§ About this exercise
Only the text belongs in the copy. Transcribe the data exactly and drop any pictures.
··· Data to process ···
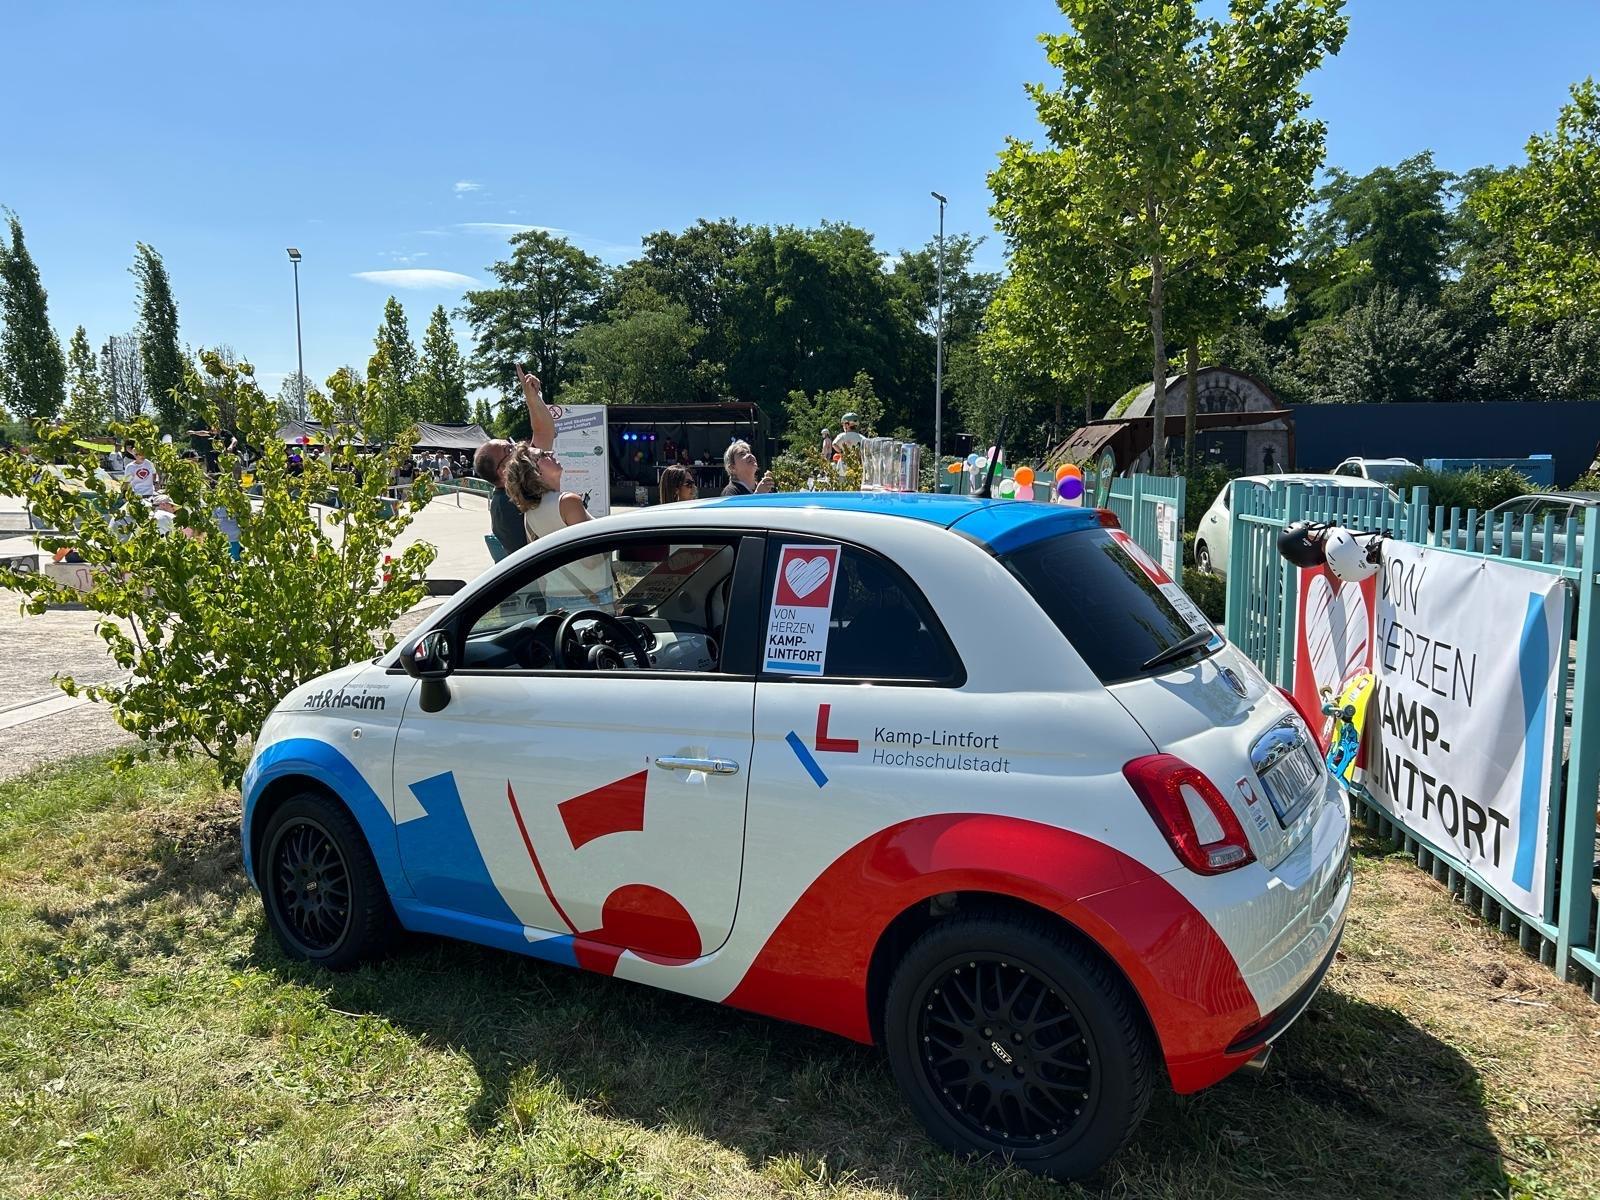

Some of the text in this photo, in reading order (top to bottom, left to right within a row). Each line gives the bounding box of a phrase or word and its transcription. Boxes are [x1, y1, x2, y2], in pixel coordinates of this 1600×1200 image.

[1383, 556, 1427, 616] VON
[773, 608, 797, 620] VON
[770, 621, 815, 635] HERZEN
[769, 634, 807, 647] KAMP-
[767, 647, 823, 662] LINTFORT
[1375, 613, 1477, 708] HERZEN
[1371, 675, 1451, 757] KAMP-
[874, 727, 999, 749] Kamp-Lintfort
[872, 749, 1010, 774] Hochschulstadt
[1370, 737, 1510, 868] LINTFORT
···
§ Response to the task
Some of the text in this photo, in reading order (top to bottom, left to right within a row). Each line gives the bounding box of a phrase or word and its transcription. Boxes are [x1, y1, x2, y2], in pixel coordinates of this 1600×1200 image.

[1383, 556, 1427, 616] VON
[773, 608, 797, 620] VON
[770, 621, 815, 635] HERZEN
[769, 634, 807, 647] KAMP-
[767, 647, 823, 662] LINTFORT
[1375, 613, 1477, 708] HERZEN
[1371, 675, 1451, 757] KAMP-
[874, 727, 999, 749] Kamp-Lintfort
[872, 749, 1010, 774] Hochschulstadt
[1370, 737, 1510, 868] LINTFORT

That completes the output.